The Hardest Recovery Truth to Accept

Thank you guys for the wonderful birthday messages! How beautiful to read such sweet words from my friends.

I think sometimes God has a powerful way of reminding me, or gently nudging me, about something that He has planned for me in this life.

Maybe that’s too grandiose of thinking, but sometimes I think it’s important for me to remember why I started this blog back in 2015. It’s a lot more emotionally easy to write about current events or lighter fare than to delve into the topic of anorexia recovery, but the truth of the matter is, God allowed me to go through that living hell so that I could use that experience to help others.

But to be honest, that horrific season of my life feels so distant, almost like another lifetime. Here I am, I’m newly married, moved back to my hometown after living for over a decade in NYC, and I am free. I am no longer enslaved to an eating disorder that nearly destroyed my life.

And just because it isn’t touching my life right now, doesn’t mean that it isn’t completely tearing apart someone elses.

Just this week, I had two readers reach out, searching for information on how to help their loved one who is suffering from an eating disorder. They felt their hands were tied, and were desperate for any way to reach them, any way to help, any way to save them from themselves.

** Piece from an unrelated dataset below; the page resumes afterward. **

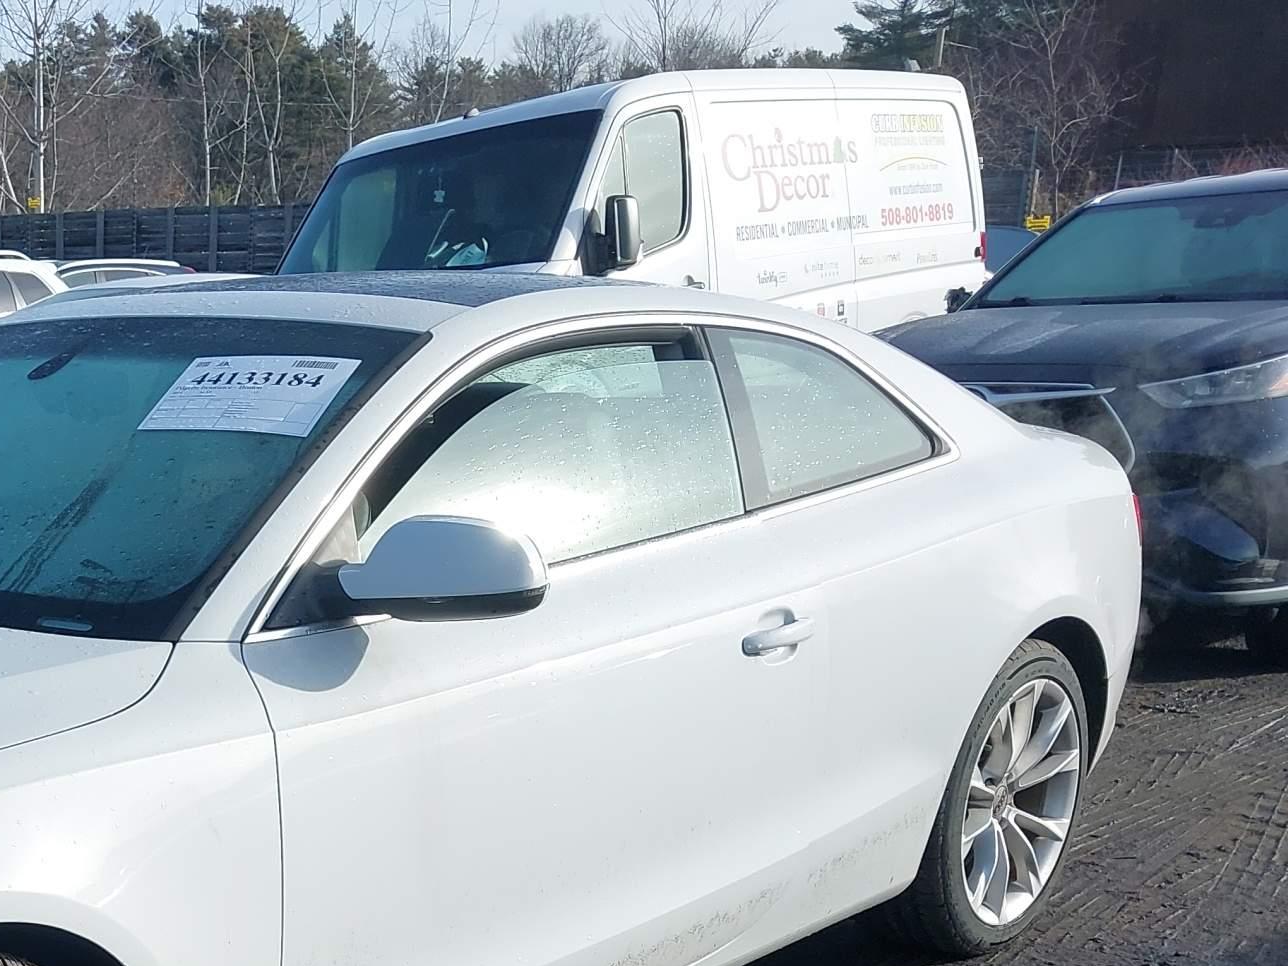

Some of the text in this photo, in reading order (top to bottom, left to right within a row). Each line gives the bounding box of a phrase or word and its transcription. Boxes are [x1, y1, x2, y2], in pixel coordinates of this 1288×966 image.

[753, 170, 830, 213] Decor
[881, 203, 954, 226] 508-801-8819
[735, 215, 870, 241] RESIDENTIAL COMMERCIAL MUNICIPAL
[191, 371, 325, 388] 44133184

And then this morning when I was on my morning jog, I ran past a woman who was severely anorexic. And I know that’s not kind to “judge a book by its cover,” but I can spot anorexia a mile away, having been so deep in the trenches of it myself. And this woman was a textbook case, power walking like her life depended on it, dangerously emaciated and skeletal with a desperation in her eyes. And my heart broke for her.

But all of these touch points with it this week reminded me of the biggest — and hardest to accept — truth of eating disorders: no one can want recovery for her: she has to want it for herself.

That is what is so hard: loved ones can beg or plead, bribe or threaten, warm love or tough love them — they cannot recover for their loved one.

They have to do it themselves. And in order to truly recover, they have to want to recover.

For me, the only way I sincerely adopted recovery was when I accepted Jesus’ forgiveness and love. And I know that sounds so crazy…accept His forgiveness? But the truth of the matter was that I was carrying around so much guilt and shame about all the deception and manipulation in my life from the eating disorder, that I believed I was disqualified from His love, His forgiveness, His grace. I felt I didn’t deserve it.

But that was like saying that my eating disorder was greater than His grace and His ability to forgive. It was only when that wall I had built up to separate myself from Him absolutely crumbled, and I accepted His forgiveness and love and invited Him to take over my recovery.

I was no longer just going through the motions to get discharged from inpatient. I was earnestly recovering because I wanted to live the life Jesus had waiting for me on the other side of the eating disorder.

And that was the beginning of my true recovery. I couldn’t have done it without Jesus. He was my strength. He was my hope. He was my courage.

This week reminded me of why I am blogging. It reminded me that others are out there needing prayers, healing, help and hope.

Here are a few blog posts that are especially poignant on recovery. And remember, my inbox is always open.

The Truth about Bloating in Recovery

Debunking the Myths of Eating Disorders – VIDEO!

My Top 3 Practical Recovery Tips

3 Things I Wish Someone Told Me When I was Anorexic

To hear my story, click here.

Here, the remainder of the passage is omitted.